Spread among them were some of the 19 editors, writers, and reviewers from The New York Times‘ Wheels section, and the 25 who cover the industry worldwide for Bloomberg News, including seven stationed in Detroit. Based on the media attention, it might have been 1960, when America’s Big Three automakers dominated the industry with a 90-percent market share. And four years after his administration’s $82-billion rescue of General Motors and Chrysler, President Obama is still touting the bailout as a signature economic accomplishment. “We saved the American auto industry,” Obama declared in a speech in September.
But the industry that Obama saved, and that all those journalists cover, has been shrinking from its dominant place in American life for nearly a decade, even though that reality has yet to really sink in.

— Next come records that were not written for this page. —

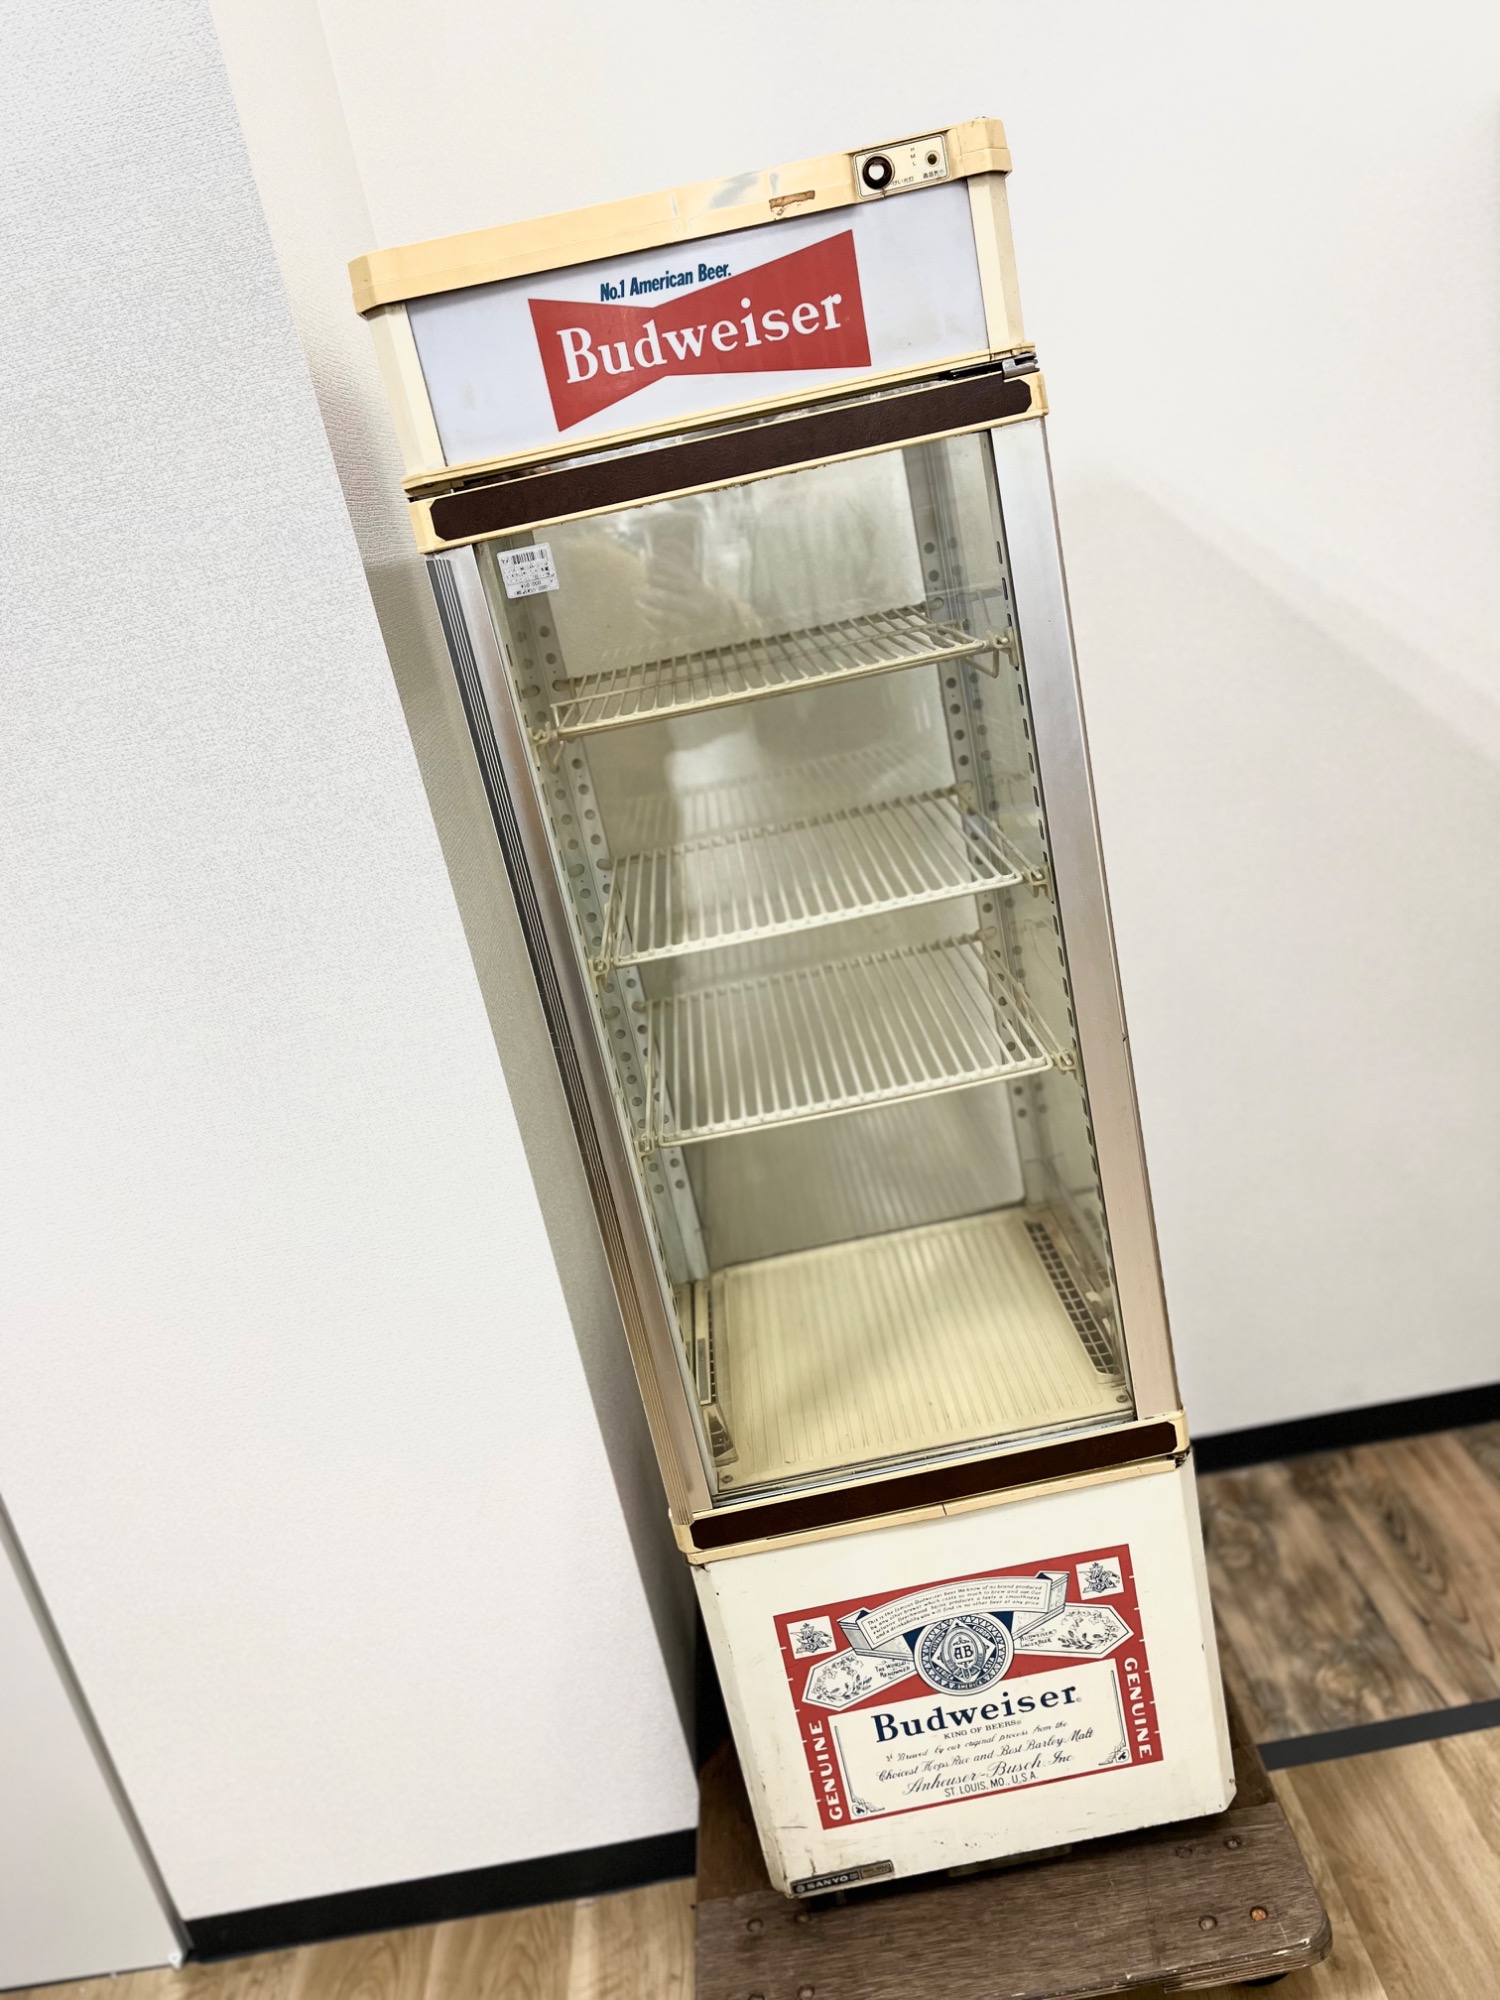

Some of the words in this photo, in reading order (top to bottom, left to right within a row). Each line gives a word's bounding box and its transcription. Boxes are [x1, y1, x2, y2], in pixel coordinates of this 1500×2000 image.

[600, 279, 625, 302] No.1
[629, 270, 694, 296] American
[698, 263, 732, 282] Beer.
[556, 294, 842, 384] Budweiser
[890, 1612, 903, 1620] other
[982, 1658, 995, 1673] ASIA
[870, 1686, 1076, 1743] Budweiser
[1124, 1657, 1152, 1759] GENUINE
[877, 1765, 919, 1783] Choicest
[973, 1750, 994, 1762] and
[997, 1744, 1022, 1757] Best
[1066, 1727, 1093, 1742] Malt
[898, 1749, 928, 1761] Brewed
[934, 1745, 944, 1754] by
[964, 1733, 996, 1748] original
[998, 1731, 1028, 1742] process
[1032, 1724, 1052, 1734] from
[1055, 1720, 1068, 1728] the
[944, 1730, 967, 1740] KING
[808, 1720, 843, 1820] GENUINE
[806, 1875, 848, 1889] SANYO

Economic and environmental concerns, along with dramatic social shifts, have caused Americans to begin to rethink their dependence on automobiles. Driving, which has been on more or less an upward slope since the end of World War II, has dropped from the peaks of last decade. Teens, glued to their mobile devices and chauffeured by helicopter parents, show little interest in getting their licenses. Cities are racing to add bike-sharing programs in order to gain cachet with their growing populations of young residents. At the same time, communities both large and small are competing for the billions of public-transportation dollars that the Obama administration has been doling out.
Modern American society has been shaped around the car. The cities that swelled after World War I–like Detroit, Los Angeles, Atlanta, and Houston–grew because automobiles let them. Cars have been the reason behind everything from our transportation infrastructure to our suburbs and shopping centers. The car, and the allure of the open road, came to represent the very essence of America: freedom, individuality, mobility. “What the automobile industry did was literally transform the way people interacted with each other, the way they viewed space and the way they used space,” says Kevin Boyle, a professor of history at Northwestern University. “There was no need to build upward, because you could build outward.”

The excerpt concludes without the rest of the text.